(Given information begins)

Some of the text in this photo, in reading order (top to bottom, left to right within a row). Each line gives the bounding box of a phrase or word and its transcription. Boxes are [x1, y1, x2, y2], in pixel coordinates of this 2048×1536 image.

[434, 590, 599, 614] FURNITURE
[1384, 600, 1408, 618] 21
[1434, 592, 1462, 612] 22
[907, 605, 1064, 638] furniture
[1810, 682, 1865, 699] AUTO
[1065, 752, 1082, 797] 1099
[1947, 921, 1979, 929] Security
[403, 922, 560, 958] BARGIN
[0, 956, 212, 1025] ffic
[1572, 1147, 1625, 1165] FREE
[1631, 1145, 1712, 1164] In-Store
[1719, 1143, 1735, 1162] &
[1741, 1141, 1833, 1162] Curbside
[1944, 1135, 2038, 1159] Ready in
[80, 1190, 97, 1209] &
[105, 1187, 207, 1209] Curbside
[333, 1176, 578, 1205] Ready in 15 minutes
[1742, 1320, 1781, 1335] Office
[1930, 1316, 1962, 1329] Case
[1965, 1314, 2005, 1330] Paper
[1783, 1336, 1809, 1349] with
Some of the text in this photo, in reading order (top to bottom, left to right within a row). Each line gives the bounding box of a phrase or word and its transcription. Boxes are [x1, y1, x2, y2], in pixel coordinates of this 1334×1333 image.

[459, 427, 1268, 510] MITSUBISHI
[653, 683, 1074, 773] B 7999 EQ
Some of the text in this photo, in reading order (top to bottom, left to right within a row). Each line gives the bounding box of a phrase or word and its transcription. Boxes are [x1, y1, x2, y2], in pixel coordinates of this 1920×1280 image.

(Given information ends)

> [What you are asked to do] In full and without alteration, reproduce the records above.

> [Response]
Some of the text in this photo, in reading order (top to bottom, left to right within a row). Each line gives the bounding box of a phrase or word and its transcription. Boxes are [x1, y1, x2, y2], in pixel coordinates of this 2048×1536 image.

[434, 590, 599, 614] FURNITURE
[1384, 600, 1408, 618] 21
[1434, 592, 1462, 612] 22
[907, 605, 1064, 638] furniture
[1810, 682, 1865, 699] AUTO
[1065, 752, 1082, 797] 1099
[1947, 921, 1979, 929] Security
[403, 922, 560, 958] BARGIN
[0, 956, 212, 1025] ffic
[1572, 1147, 1625, 1165] FREE
[1631, 1145, 1712, 1164] In-Store
[1719, 1143, 1735, 1162] &
[1741, 1141, 1833, 1162] Curbside
[1944, 1135, 2038, 1159] Ready in
[80, 1190, 97, 1209] &
[105, 1187, 207, 1209] Curbside
[333, 1176, 578, 1205] Ready in 15 minutes
[1742, 1320, 1781, 1335] Office
[1930, 1316, 1962, 1329] Case
[1965, 1314, 2005, 1330] Paper
[1783, 1336, 1809, 1349] with
Some of the text in this photo, in reading order (top to bottom, left to right within a row). Each line gives the bounding box of a phrase or word and its transcription. Boxes are [x1, y1, x2, y2], in pixel coordinates of this 1334×1333 image.

[459, 427, 1268, 510] MITSUBISHI
[653, 683, 1074, 773] B 7999 EQ
Some of the text in this photo, in reading order (top to bottom, left to right within a row). Each line gives the bounding box of a phrase or word and its transcription. Boxes are [x1, y1, x2, y2], in pixel coordinates of this 1920×1280 image.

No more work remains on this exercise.